Fai come quei che la cosa per nome
apprende ben, ma la sua quiditate
veder non può se altri non la prome.
096
Regnum coelorum kann Gewalt erleiden,
Wenn Hoffnung es und Liebesglut bekriegen,
Wo Gottes Wille wird besiegt von beiden.
Regnum celorum vïolenza pate
da caldo amore e da viva speranza,
che vince la divina volontate:
099
Doch ists nach Menschenart kein Unterliegen.
Gott will besiegt sein, daher sein Ergeben.

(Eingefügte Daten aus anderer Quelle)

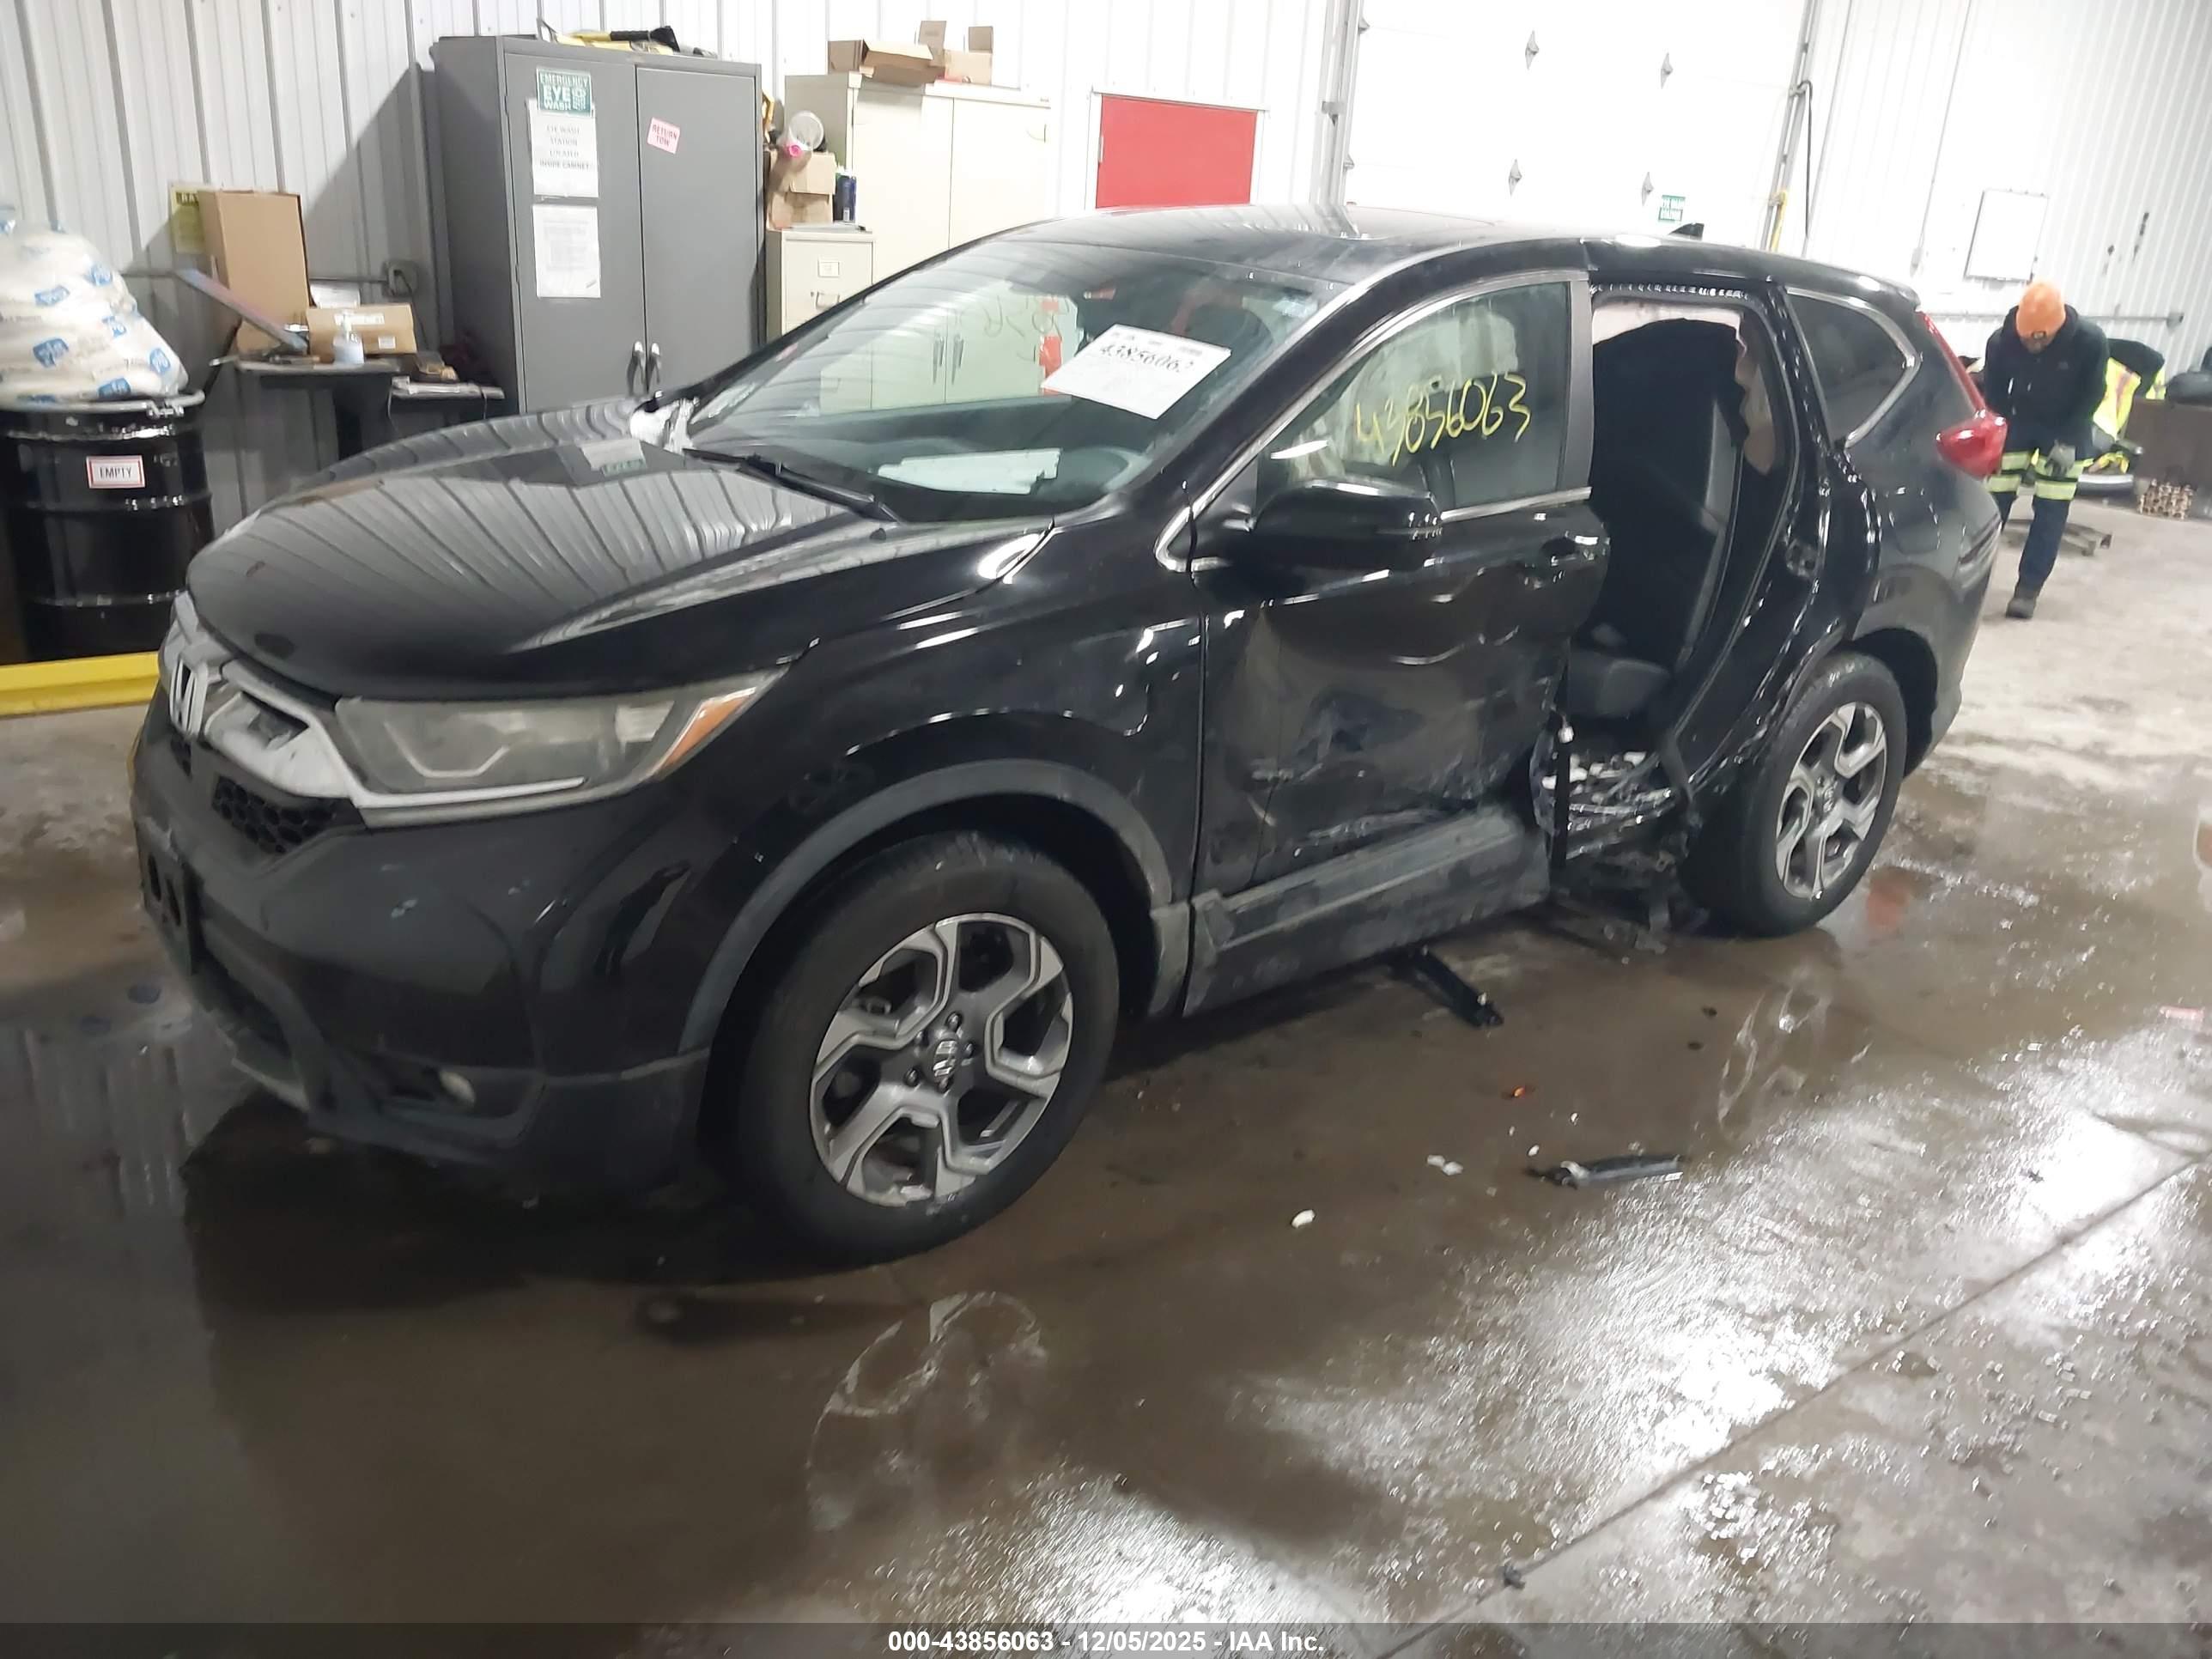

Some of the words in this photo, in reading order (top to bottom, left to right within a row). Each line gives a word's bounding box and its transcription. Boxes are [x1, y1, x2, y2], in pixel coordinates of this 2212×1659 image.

[540, 72, 588, 87] EMERGENCY
[543, 84, 571, 102] EYE
[544, 99, 572, 111] WASH
[652, 124, 678, 140] RETURN
[656, 135, 670, 147] TOW
[100, 466, 131, 479] EMPTY

Er will durch Güte als Besiegter siegen.
non a guisa che l'omo a l'om sobranza,
ma vince lei perché vuole esser vinta,
e, vinta, vince con sua beninanza.
102
Der Braue erstes und ihr fünftes Leben
Erstaunt dich, weil du schmücken siehst die beiden
Das Reich der Engel. Doch sie starben eben
La prima vita del ciglio e la quinta
ti fa maravigliar, perché ne vedi
la regïon de li angeli dipinta.
105
Als Christen, nicht wie du gewähnt als Heiden,
Der glaubte an das Leid, als es betroffen
Die Füße, der an ihre künftige Leiden.
D'i corpi suoi non uscir, come credi,
Gentili, ma Cristiani, in ferma fede
quel d'i passuri e quel d'i passi piedi.
108
Denn aus der Hölle kam, die sonst nie offen
Der Besserung steht, der eine neu ins Leben
Zum Lohn allein für sein lebendiges Hoffen,
Ché l'una de lo 'nferno, u' non si riede
già mai a buon voler, tornò a l'ossa;
e ciò di viva spene fu mercede:
111
Lebendiges Hoffen: es sei Gott gegeben,
Kraft des Gebetes ihn aus Todesbanden
Zur völligen Willensfreiheit zu erheben.
di viva spene, che mise la possa
ne' prieghi fatti a Dio per suscitarla,
sì che potesse sua voglia esser mossa.
114
So war, von dem ich sprach, im Fleisch erstanden
Für kurze Zeit der Geist des ruhmreich Frommen,
Glaubend an den, wo alle Hilfe fanden.
L'anima glorïosa onde si parla,
tornata ne la carne, in che fu poco,
credette in lui che potëa aiutarla;
117
Und glaubend, wahrer Liebe voll entglommen,
So stark, ward an des zweiten Todes Schwelle
Gewürdigt er, zu diesem Fest zu kommen.
e credendo s'accese in tanto foco
di vero amor, ch'a la morte seconda
fu degna di venire a questo gioco.
120
Der andere warf - durch Gnade jener Quelle,
Zu deren Tiefen noch hinabgeschossen
Kein irdisches Auge bis zur ersten Welle -
L'altra, per grazia che da sì profonda
fontana stilla, che mai creatura
non pinse l'occhio infino a la prima onda,
123
Aufs Rechttun all sein Lieben unverdrossen,
Bis Gott sein Aug, von Gnade zu Gnade steigend,
Unsrer Zukunftserlösung aufgeschlossen.
tutto suo amor là giù pose a drittura:
per che, di grazia in grazia, Dio li aperse
l'occhio a la nostra redenzion futura;
126
Drum glaubte er daran und trug nun schweigend
Nicht fernerhin den Stank der Heidenscharen,
Nein, rügte sie, den Irrwahn ihnen zeigend.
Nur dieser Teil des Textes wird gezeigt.